(Input for this task Opens)

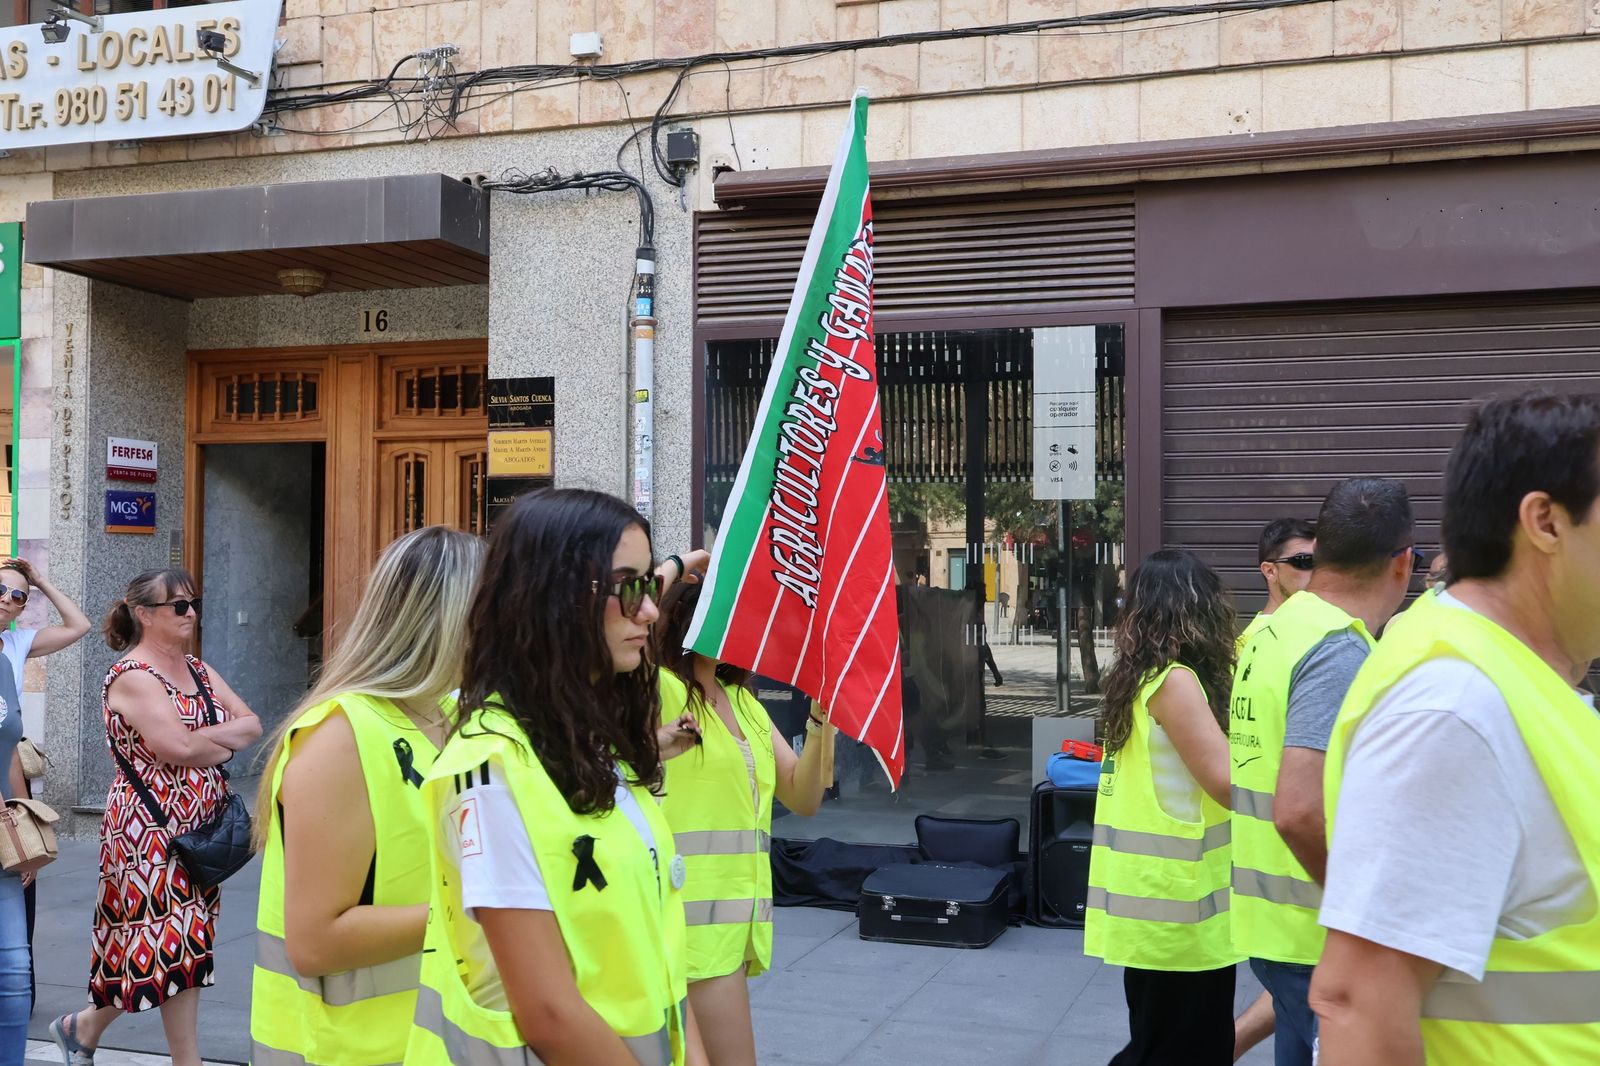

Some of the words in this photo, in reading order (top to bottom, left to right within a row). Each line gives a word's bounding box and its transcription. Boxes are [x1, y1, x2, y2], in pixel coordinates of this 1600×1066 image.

[54, 85, 107, 126] 980
[116, 80, 148, 121] 51
[158, 76, 195, 117] 43
[203, 73, 236, 113] 01
[364, 310, 388, 332] 16
[112, 445, 153, 461] FERFESA
[769, 369, 840, 609] AGRICULTORES
[110, 501, 138, 514] MGS
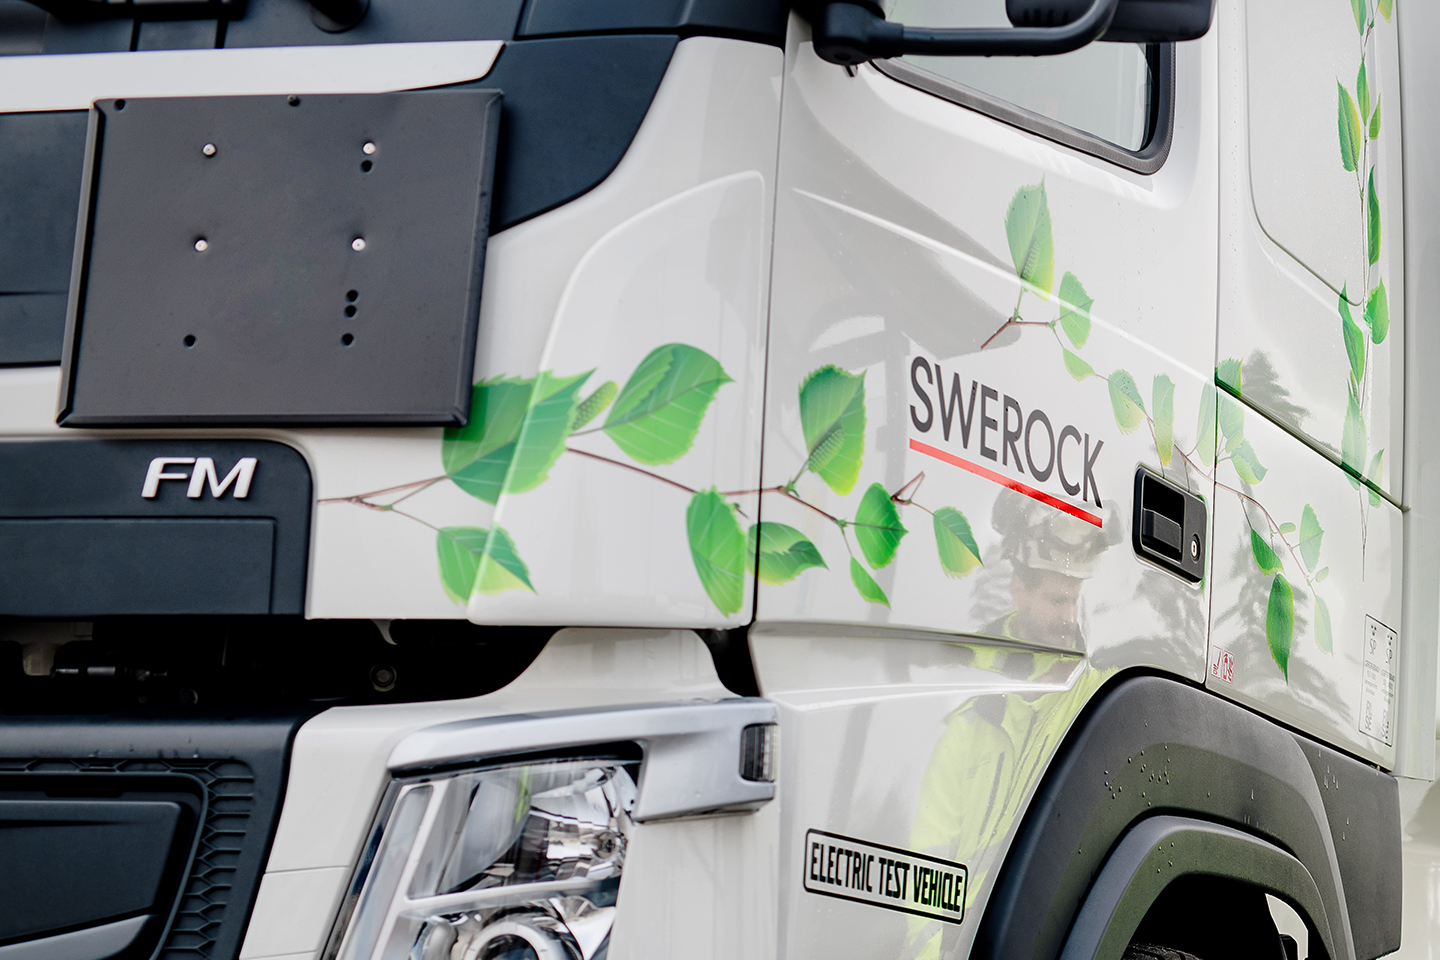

(Input for this task Closes)

- _Task objective_: The data above should be set down again exactly, with the pictures omitted.

- _Result of the exercise_:
Some of the words in this photo, in reading order (top to bottom, left to right within a row). Each line gives a word's bounding box and its transcription. Boxes are [x1, y1, x2, y2], in pixel coordinates of this 1600×1066 image.

[54, 85, 107, 126] 980
[116, 80, 148, 121] 51
[158, 76, 195, 117] 43
[203, 73, 236, 113] 01
[364, 310, 388, 332] 16
[112, 445, 153, 461] FERFESA
[769, 369, 840, 609] AGRICULTORES
[110, 501, 138, 514] MGS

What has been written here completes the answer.